Ambition’s change expert, Paul McCann, partnered with Change Manager and Consultant, Jane Waterson, to dig into exactly how to ace your change management interview.

To ace a change management interview, there are basically two things you need to get right.

Firstly, outstanding preparation.

Secondly, you need to ace your interview.

Preparation is everything

As the old saying goes, “By failing to prepare, you are preparing to fail”.

Preparation for an interview falls into two broad camps:

  1. Understanding the company and who is interviewing you.

  2. Understanding the job, your experience, and how you’re going to bridge between the two.

Firstly, you need to get across point one.

Seek to understand as much about the people interviewing you as possible:

- How long have they worked at the company, their academic background, and their interests outside of work (if possible to find).

- Can you find any shared ground?

Understand the company:

- Look at their balance sheets / annual statements.

- Look at their press statements and news in the media about them.

- Read their values statements and other material about their purpose/approach to business.

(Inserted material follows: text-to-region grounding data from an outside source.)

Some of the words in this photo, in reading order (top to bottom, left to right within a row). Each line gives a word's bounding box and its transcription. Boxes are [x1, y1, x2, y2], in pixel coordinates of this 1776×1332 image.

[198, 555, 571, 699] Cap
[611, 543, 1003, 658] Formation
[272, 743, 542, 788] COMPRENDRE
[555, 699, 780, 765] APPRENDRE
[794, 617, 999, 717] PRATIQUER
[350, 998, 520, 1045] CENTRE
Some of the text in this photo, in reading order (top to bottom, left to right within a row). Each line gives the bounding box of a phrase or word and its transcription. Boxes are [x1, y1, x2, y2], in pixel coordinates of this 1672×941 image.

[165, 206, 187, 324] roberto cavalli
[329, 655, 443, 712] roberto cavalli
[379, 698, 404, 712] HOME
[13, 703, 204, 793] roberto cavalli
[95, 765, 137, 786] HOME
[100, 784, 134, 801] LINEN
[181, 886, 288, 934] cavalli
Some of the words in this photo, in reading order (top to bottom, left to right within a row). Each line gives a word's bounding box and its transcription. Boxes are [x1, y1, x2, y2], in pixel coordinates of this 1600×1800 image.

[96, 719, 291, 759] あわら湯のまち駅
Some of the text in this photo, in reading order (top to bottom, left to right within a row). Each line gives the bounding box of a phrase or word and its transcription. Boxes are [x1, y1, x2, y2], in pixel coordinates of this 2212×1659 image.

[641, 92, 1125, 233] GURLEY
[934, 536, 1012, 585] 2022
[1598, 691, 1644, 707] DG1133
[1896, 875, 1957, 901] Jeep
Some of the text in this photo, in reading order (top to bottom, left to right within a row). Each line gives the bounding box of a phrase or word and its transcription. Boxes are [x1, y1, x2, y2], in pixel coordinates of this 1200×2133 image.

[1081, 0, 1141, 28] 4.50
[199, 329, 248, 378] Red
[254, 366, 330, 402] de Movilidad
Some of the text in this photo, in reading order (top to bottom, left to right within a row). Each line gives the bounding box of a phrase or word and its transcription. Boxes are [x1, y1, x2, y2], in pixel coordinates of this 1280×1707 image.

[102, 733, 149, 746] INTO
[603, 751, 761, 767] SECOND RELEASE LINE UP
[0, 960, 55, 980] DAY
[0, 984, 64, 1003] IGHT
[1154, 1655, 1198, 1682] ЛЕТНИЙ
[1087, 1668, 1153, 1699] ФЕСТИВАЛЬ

Understand as much as you can about the culture of the organisation:

- Glassdoor is a good way to do this, as it’s not media or propaganda. You can hear what other people who have engaged with the company say about it, straight from the horse’s mouth so to speak.

Other tips:

- LinkedIn stalking who is interviewing you is a good thing. It shows you are keen and that you are prepared. Maybe even send a connection request before or after, saying hi and looking forward to it!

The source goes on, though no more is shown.